9 of 9 people found the following review helpful
4.0 out of 5 stars Very good album by an underrated artist 6 Jun. 2012
By Antonio Tamez - Published on Amazon.com
Format: Audio CD
Rowland Howard's work can't help being under the shadow of Nick Cave's own, which is unfortunate since it is of equally good caliber. It is a shame that his work is so sparse, but what little there is available is fantastic. Unlike Nick Cave's latest albums (to be fair, from "No more shall we part" to the present day. The "The Boatman's call" is wonderful as it is) Rowland Howard's music didn't lose any of the edge of younger days. There's "grown up" stuff here, but the good stuff hasn't been traded for sappy sentimentalism out of a Michael Bolton album.

Really recommended.
4 of 4 people found the following review helpful
5.0 out of 5 stars 'Pop Crimes' LP on Australia's Liberation Music label 19 July 2010
By Dwight - Published on Amazon.com
Format: Vinyl Verified Purchase
This is a review of the 'Pop Crimes' LP ~ if you are looking at this then you are likely a collector who already knows that the music is superb. This pressing sounds great, and the copy I received included a poster, lyrics and a cd copy of the album as well. I paid about $30 from an Amazon seller 'oddbanana', which seems reasonable since it is very hard-to-find as of this posting and seems to be priced at least $10 or higher from other sources. RIP Rowland, Thank you for one final great one.
2 of 2 people found the following review helpful
5.0 out of 5 stars An underrated pop crime! 3 Dec. 2014
By iblackmovement - Published on Amazon.com
Format: Vinyl
This album is so so good. I love his Townes Van Zandt cover of "Nothin", "Pop Crimes" is such a great song as well, as well as "I Know a Girl Called Jonny", this whole album is good from start to finish. A very memorable album that you should want to keep in your collection indefinitely. Get it! It was Rowland's last, RIP.
1 of 1 people found the following review helpful
3.0 out of 5 stars Life's What You Make It ... 11 April 2016
By R. Kesler - Published on Amazon.com
Format: Vinyl
Passing away in 2009, Rowland S. Howard, like Ian Curtis of Joy Division, has left us with a darkly unsettling body of work that will no doubt be poured over for years to come by fans of Birthday Party, Nick Cave, and The Boys Next Door, for hints at his demise, his tentative hold on his personal being, mysterious choice of covers, and the distillation of his lyrics, to etch out any hint as to who the man behind the man actually was.

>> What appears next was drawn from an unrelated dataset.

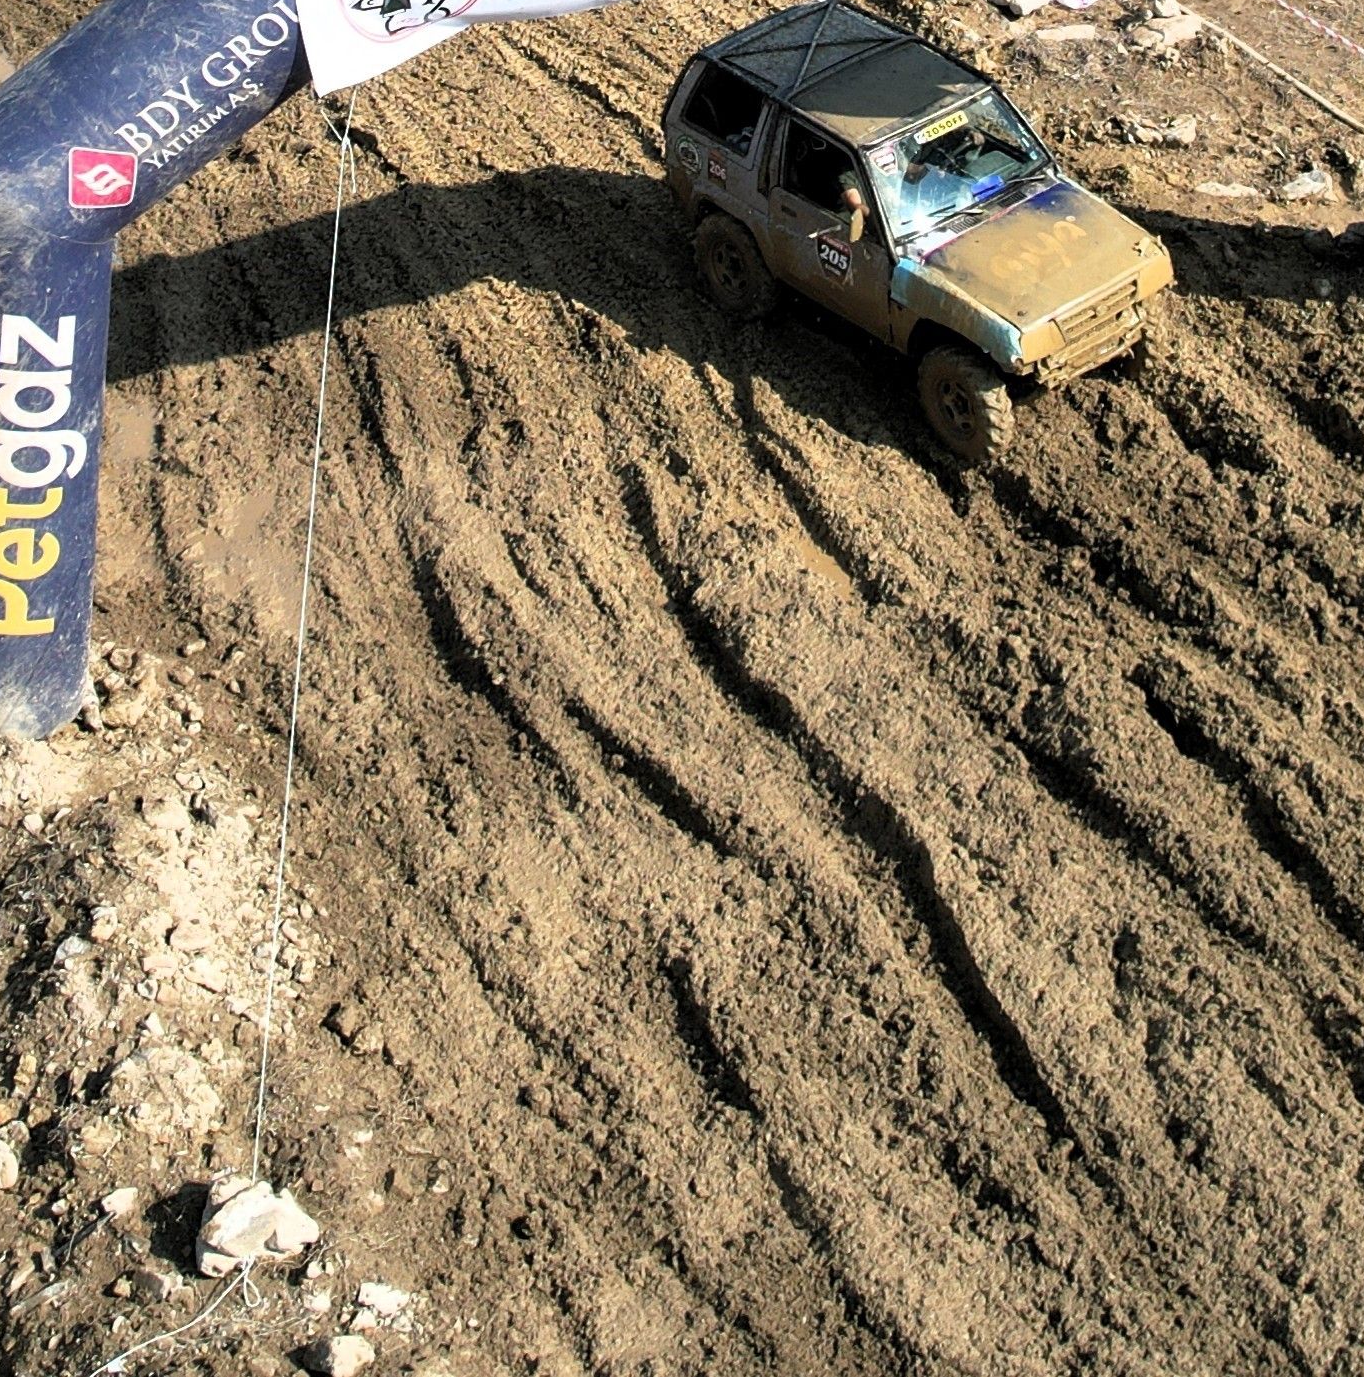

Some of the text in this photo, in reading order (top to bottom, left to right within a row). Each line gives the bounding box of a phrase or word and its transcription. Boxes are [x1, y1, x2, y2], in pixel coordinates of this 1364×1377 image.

Sounding dark and devious, as if he was perpetually pondering on a soapbox, ignored by all passerby's, guitar in hand, preaching of the final days, and the lack of human immortality ... in that who we are, and what we leave behind is a mere blurred vision of what we do and whom we effect.

Essentially, Pop Crimes is flawless at painting a perverse and askew image of pop culture in all of its subversive faded glory, complete with covers by both Talk Talk [“Life’s What You Make It”] and Townes Van Zandt [“Nothin”]. He tenders nether of these songs as one might expect, but then Howard seldom did anything by the numbers, leaving us to cypher the reasoning behind these choices. Listening to Pop Crimes is no easy task, it’s painful, it’s heartbreaking, it’s tar on your new shoes from summer heated city streets and the lack of breathable air, laboriously rolling on and on, like a man searching his pockets over and over, knowing he’ll never have the correct change for the subway to take him someplace more bearable.

If nothing else, Rowland S. Howard has managed to show us a presence, and in the world of rock n’ roll, that’s saying something.